In this particular example, I look at a hypothetical subscription business. Assume that the business has been in operation for one year. First, divide the users into cohorts depending on when they initially subscribed to the service. I calculate retention at the end of month N by dividing the number of subscribers still subscribing after month N by the total number of subscribers that started in each cohort. These are the numbers in blue. Obviously, for the subscribers that started in month 1, we have 12 months of retention data, for the subscribers that started in month 2 we have 11 months of retention data, and so on.
By averaging across the cohorts, you can get an average retention rate at the end of one month, two months and so on. As the cohorts age, there are fewer datapoints to average over, and hence the potential for error is greater. However, it is still a useful exercise to get an early indication of how the business looks.

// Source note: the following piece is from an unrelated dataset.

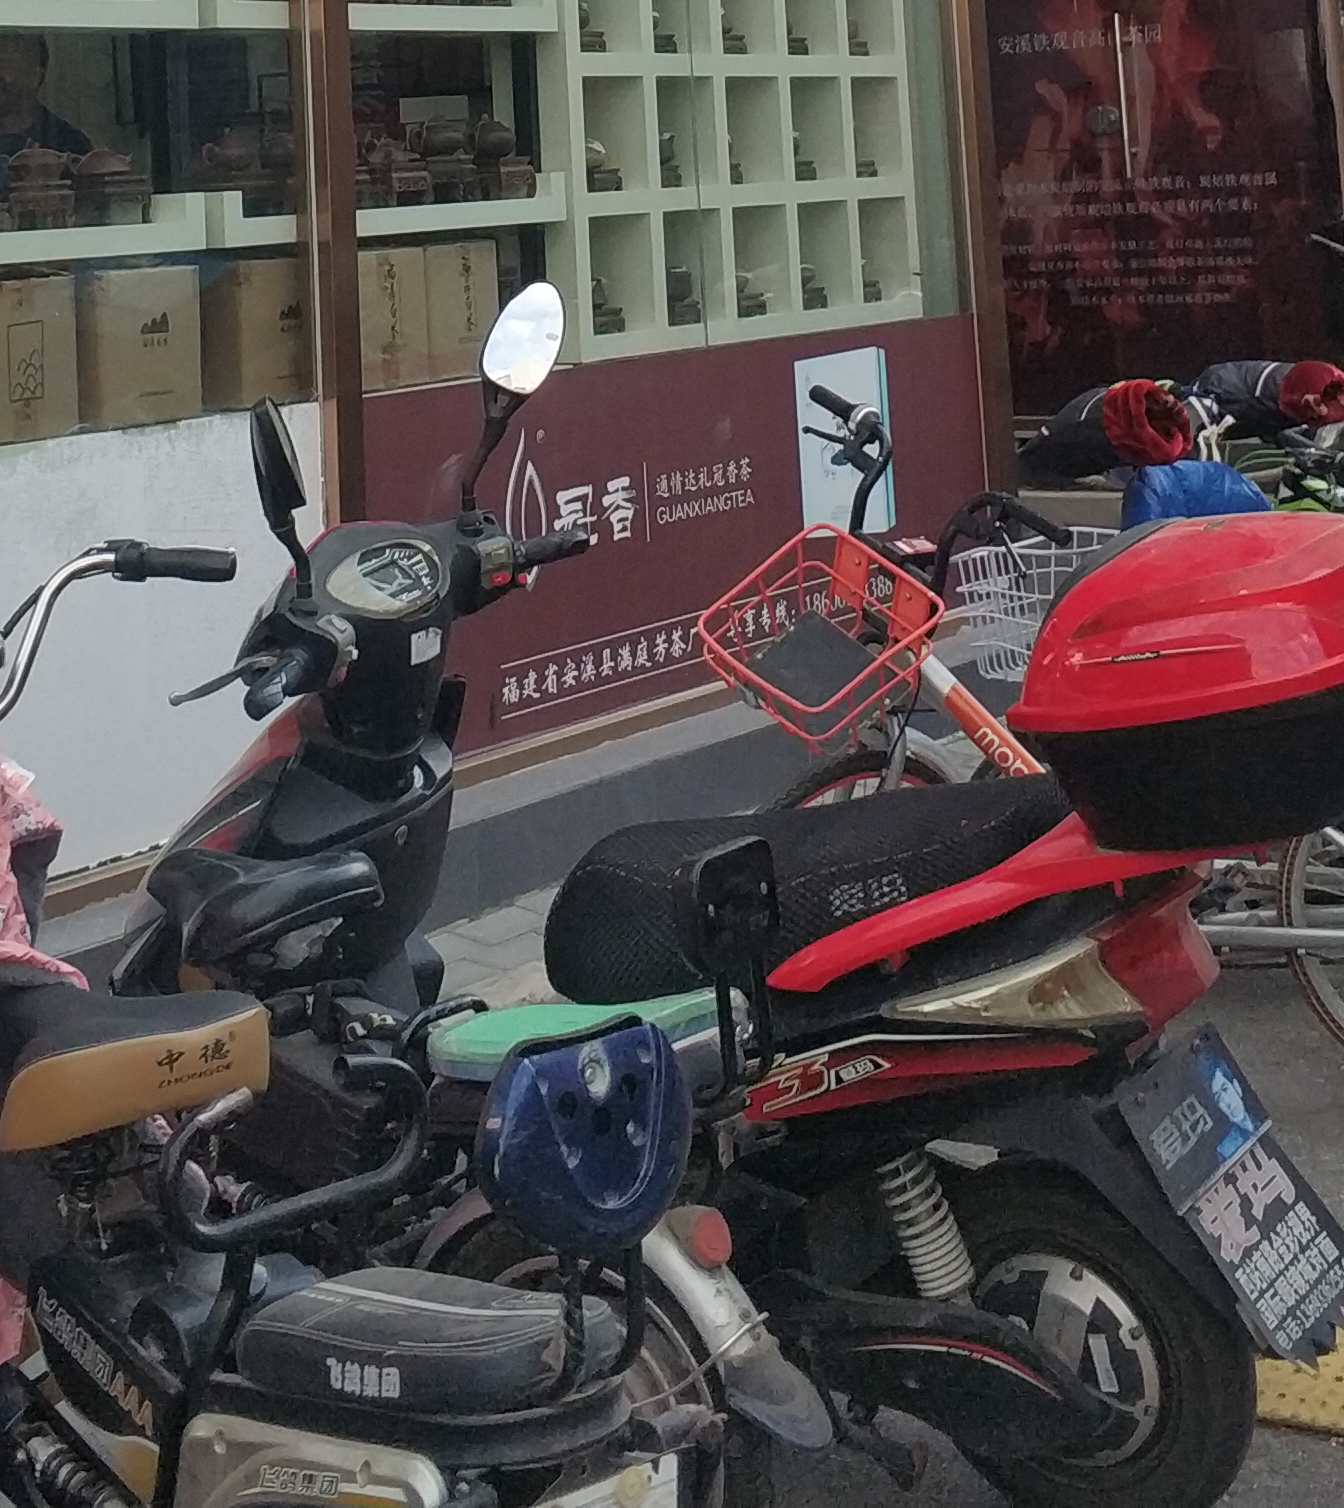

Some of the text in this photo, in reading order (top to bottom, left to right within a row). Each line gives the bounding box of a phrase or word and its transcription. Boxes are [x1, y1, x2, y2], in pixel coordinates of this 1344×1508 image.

A typical pattern found in subscription businesses is that after a steep drop off after an initial period, month-on-month attrition rates tend to level off. You can see a similar pattern in this example, where after the first month, month-on-month attrition rates are around -6% (ie month N subs ~ 94% of month [N-1] subs).
If you see a pattern like this, you can extrapolate forward using the same month-on-month attrition across several years. As you can see in the model, we extrapolate an average lifetime of 9.77 months by extrapolating forward over 5 years of data.
So if you were a subscription business charging $20/month with 90% gross margins (after accounting for customer service costs for example), then you would attribute a lifetime value for a new customer of 9.77 x $20 x 90% = $176. This sets an upper bound of what you would be willing to pay to acquire a customer (although in practice, you would prefer to see a ratio of CAC/LTV in the 25-35% range).
This example is for a subscription business where the key value driver is the number of active subscribers. However, you can conduct similar analysis on any type of repeat behavior business. In a social business the metric might be activity (e.g. how many users posted a photo this month), and in a social game the metric might be dollars spent in virtual goods that period. The measurement periods may vary according to the tempo of the business. Many social games do their cohort analysis on a daily or weekly basis, whereas some ecommerce companies whose purchases are less frequent may do their cohort analysis on a quarterly basis. This will dictate how long you have to collect data before you have enough data to project forward.
Different billing mechanisms can complicate this (e.g. an annual billing system will by nature skew average lifetime upwards) and while these can be important levers, it is usually helpful to hold billing constant and compare cohorts on a same-billing basis, at least initially. However, this cohort analysis is also useful tool to see what the impact of changes in billing, registration flow, product features etc can have on retention as you can often see an increase in early month retention from later cohorts.
The spreadsheet for the sample cohort analysis is read only but you can download it to play with it yourself.
I’d love to hear from others how they estimate lifetime value.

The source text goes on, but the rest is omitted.